#### EXERCISE
All of the lines below should be copied word for word.

··········

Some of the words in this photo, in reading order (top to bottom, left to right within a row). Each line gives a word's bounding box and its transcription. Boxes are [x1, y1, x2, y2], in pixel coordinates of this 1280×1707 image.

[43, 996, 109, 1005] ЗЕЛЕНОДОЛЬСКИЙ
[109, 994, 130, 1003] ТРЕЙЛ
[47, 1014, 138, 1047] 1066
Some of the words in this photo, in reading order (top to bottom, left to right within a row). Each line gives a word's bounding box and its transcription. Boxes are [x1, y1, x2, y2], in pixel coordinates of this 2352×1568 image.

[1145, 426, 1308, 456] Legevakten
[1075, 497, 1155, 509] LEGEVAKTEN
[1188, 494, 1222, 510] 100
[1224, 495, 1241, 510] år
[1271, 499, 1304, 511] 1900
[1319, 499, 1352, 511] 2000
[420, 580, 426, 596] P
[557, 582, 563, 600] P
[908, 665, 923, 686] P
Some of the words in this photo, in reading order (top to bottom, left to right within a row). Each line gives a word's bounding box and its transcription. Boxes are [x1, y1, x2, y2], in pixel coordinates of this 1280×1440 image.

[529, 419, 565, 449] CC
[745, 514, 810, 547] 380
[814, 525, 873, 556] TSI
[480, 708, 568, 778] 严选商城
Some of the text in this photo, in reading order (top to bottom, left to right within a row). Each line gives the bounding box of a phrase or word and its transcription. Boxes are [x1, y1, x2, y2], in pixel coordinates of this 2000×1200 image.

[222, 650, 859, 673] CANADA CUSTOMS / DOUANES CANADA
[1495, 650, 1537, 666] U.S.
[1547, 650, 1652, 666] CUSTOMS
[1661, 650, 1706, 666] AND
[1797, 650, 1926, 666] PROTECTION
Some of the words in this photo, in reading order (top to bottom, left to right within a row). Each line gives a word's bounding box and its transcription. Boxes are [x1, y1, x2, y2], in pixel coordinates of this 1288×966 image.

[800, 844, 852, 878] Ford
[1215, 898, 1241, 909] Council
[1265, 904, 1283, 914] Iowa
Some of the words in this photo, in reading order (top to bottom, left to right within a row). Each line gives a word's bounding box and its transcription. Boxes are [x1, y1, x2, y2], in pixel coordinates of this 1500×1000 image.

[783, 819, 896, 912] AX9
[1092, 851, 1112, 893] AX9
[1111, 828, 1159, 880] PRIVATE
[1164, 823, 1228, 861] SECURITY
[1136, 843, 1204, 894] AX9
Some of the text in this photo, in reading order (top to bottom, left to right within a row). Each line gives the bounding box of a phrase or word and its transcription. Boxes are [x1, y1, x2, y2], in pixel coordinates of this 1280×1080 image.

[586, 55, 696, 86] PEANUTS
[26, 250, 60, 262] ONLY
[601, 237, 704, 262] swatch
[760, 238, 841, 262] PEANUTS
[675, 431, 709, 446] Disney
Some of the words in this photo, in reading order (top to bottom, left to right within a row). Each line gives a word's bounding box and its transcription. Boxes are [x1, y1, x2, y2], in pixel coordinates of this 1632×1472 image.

··········

#### EXERCISE RESPONSE
Some of the words in this photo, in reading order (top to bottom, left to right within a row). Each line gives a word's bounding box and its transcription. Boxes are [x1, y1, x2, y2], in pixel coordinates of this 1280×1707 image.

[43, 996, 109, 1005] ЗЕЛЕНОДОЛЬСКИЙ
[109, 994, 130, 1003] ТРЕЙЛ
[47, 1014, 138, 1047] 1066
Some of the words in this photo, in reading order (top to bottom, left to right within a row). Each line gives a word's bounding box and its transcription. Boxes are [x1, y1, x2, y2], in pixel coordinates of this 2352×1568 image.

[1145, 426, 1308, 456] Legevakten
[1075, 497, 1155, 509] LEGEVAKTEN
[1188, 494, 1222, 510] 100
[1224, 495, 1241, 510] år
[1271, 499, 1304, 511] 1900
[1319, 499, 1352, 511] 2000
[420, 580, 426, 596] P
[557, 582, 563, 600] P
[908, 665, 923, 686] P
Some of the words in this photo, in reading order (top to bottom, left to right within a row). Each line gives a word's bounding box and its transcription. Boxes are [x1, y1, x2, y2], in pixel coordinates of this 1280×1440 image.

[529, 419, 565, 449] CC
[745, 514, 810, 547] 380
[814, 525, 873, 556] TSI
[480, 708, 568, 778] 严选商城
Some of the text in this photo, in reading order (top to bottom, left to right within a row). Each line gives the bounding box of a phrase or word and its transcription. Boxes are [x1, y1, x2, y2], in pixel coordinates of this 2000×1200 image.

[222, 650, 859, 673] CANADA CUSTOMS / DOUANES CANADA
[1495, 650, 1537, 666] U.S.
[1547, 650, 1652, 666] CUSTOMS
[1661, 650, 1706, 666] AND
[1797, 650, 1926, 666] PROTECTION
Some of the words in this photo, in reading order (top to bottom, left to right within a row). Each line gives a word's bounding box and its transcription. Boxes are [x1, y1, x2, y2], in pixel coordinates of this 1288×966 image.

[800, 844, 852, 878] Ford
[1215, 898, 1241, 909] Council
[1265, 904, 1283, 914] Iowa
Some of the words in this photo, in reading order (top to bottom, left to right within a row). Each line gives a word's bounding box and its transcription. Boxes are [x1, y1, x2, y2], in pixel coordinates of this 1500×1000 image.

[783, 819, 896, 912] AX9
[1092, 851, 1112, 893] AX9
[1111, 828, 1159, 880] PRIVATE
[1164, 823, 1228, 861] SECURITY
[1136, 843, 1204, 894] AX9
Some of the text in this photo, in reading order (top to bottom, left to right within a row). Each line gives the bounding box of a phrase or word and its transcription. Boxes are [x1, y1, x2, y2], in pixel coordinates of this 1280×1080 image.

[586, 55, 696, 86] PEANUTS
[26, 250, 60, 262] ONLY
[601, 237, 704, 262] swatch
[760, 238, 841, 262] PEANUTS
[675, 431, 709, 446] Disney
Some of the words in this photo, in reading order (top to bottom, left to right within a row). Each line gives a word's bounding box and its transcription. Boxes are [x1, y1, x2, y2], in pixel coordinates of this 1632×1472 image.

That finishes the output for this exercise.